Kyrgyzstan’s economic growth is expected to fall to 3% in 2014, down from 10.5% in 2013, and will not exceed 5% over the next three years, according to World Bank estimates. “The medium-term outlook has become more challenging reflecting structural deficiencies in main trading partners, as well as more tense foreign trade relations, including from stricter enforcement of custom union regulations,” the World Bank said in its latest country report, referring to Kyrgyzstan’s preparations to join the Russia-led Eurasian Economic Union (EEU) in 2015.

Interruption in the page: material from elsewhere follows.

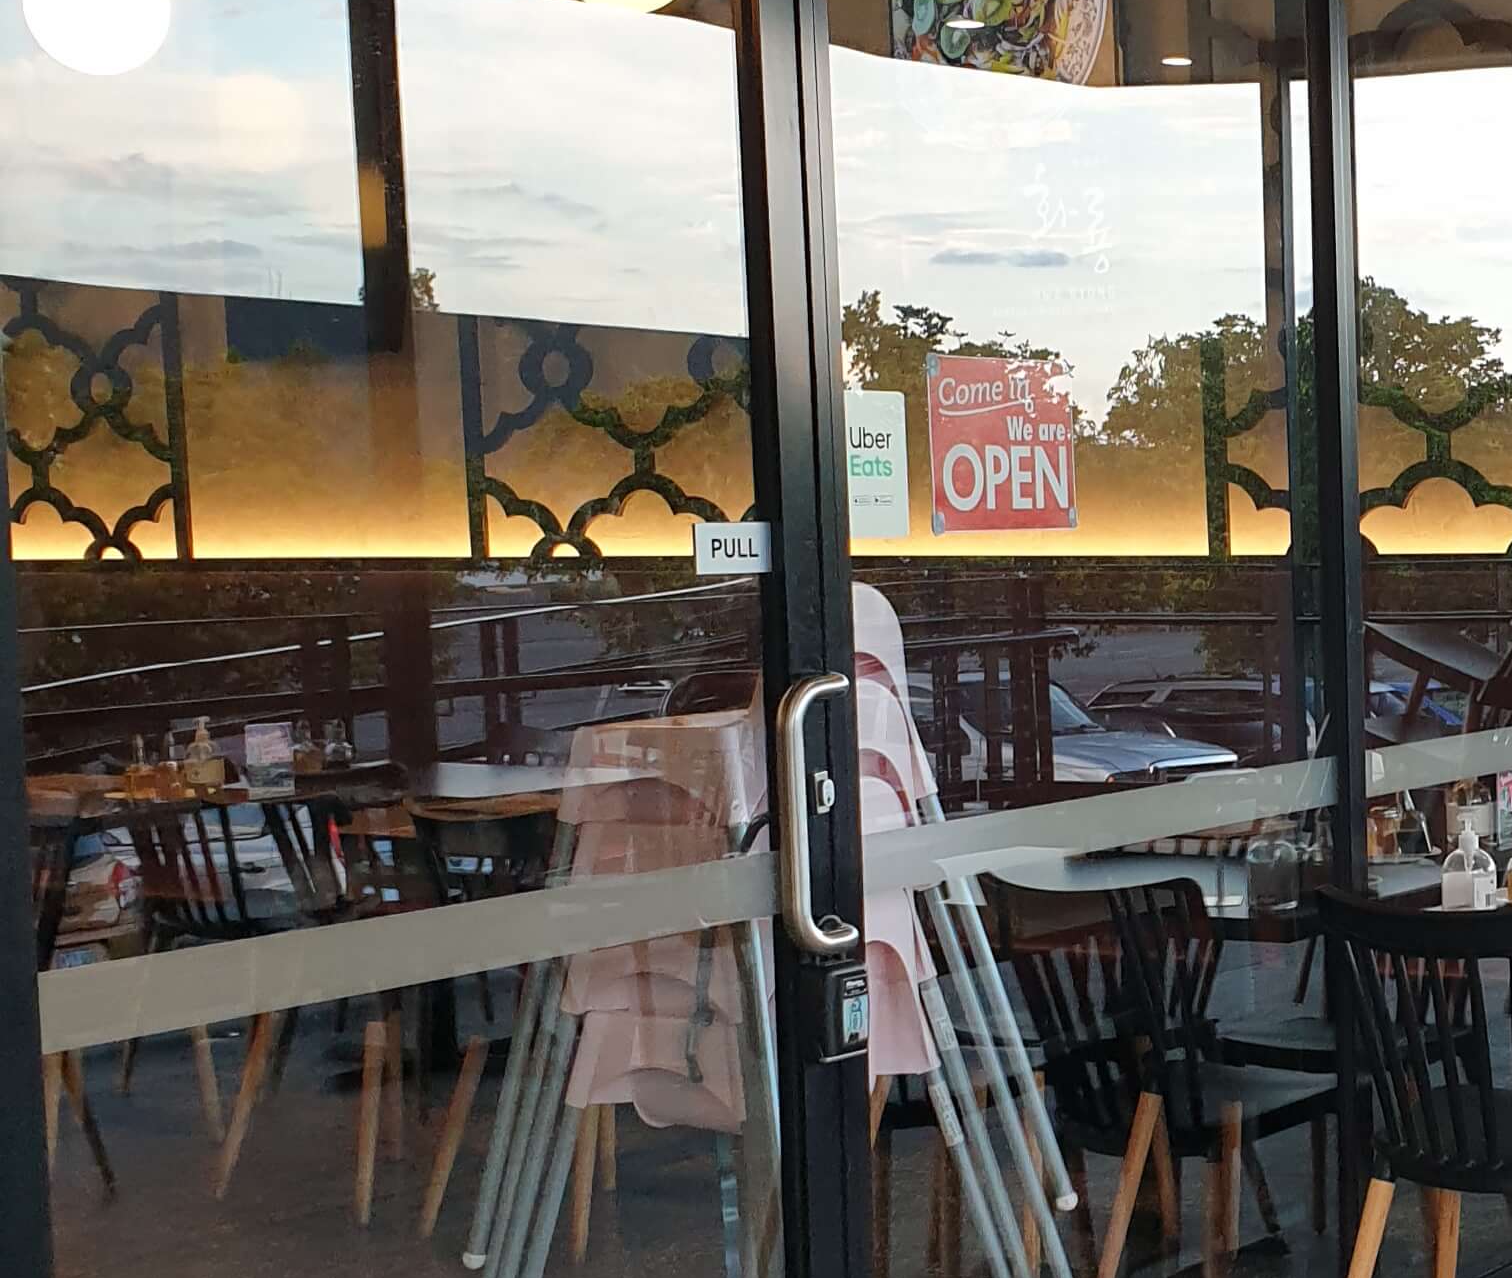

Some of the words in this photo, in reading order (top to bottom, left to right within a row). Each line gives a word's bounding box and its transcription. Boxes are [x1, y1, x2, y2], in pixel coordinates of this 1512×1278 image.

Tighter customs controls at the Kazakh-Kyrgyz border designed to ensure duty-free access only to Kyrgyz-made products are affecting the re-export of Chinese products, a key part of the economy. Almost 80% of local businesses deal in the re-sale of cheap Chinese products, including mass-market goods, fruit and vegetables, and other mass-market goods. Every year Kyrgyzstan re-exports $10bn worth of Chinese products, according to figures in the local press. Should Kyrgyzstan join the EEU, import duties for goods coming from China will double, local observers warn, further affecting the country’s re-export potential.
The Kyrgyz currency lost 14.5% against the dollar in 2014, forcing the country’s National Bank to carry out 390 operations in the currency market to support the som. At the same time, the weakening currency caused inflationary pressures to rise as the import bill went up, with the annual growth of the consumer price index reaching 9.7% in November compared with 4% in 2013. Inflation is put at 8% in 2015, according to World Bank estimates.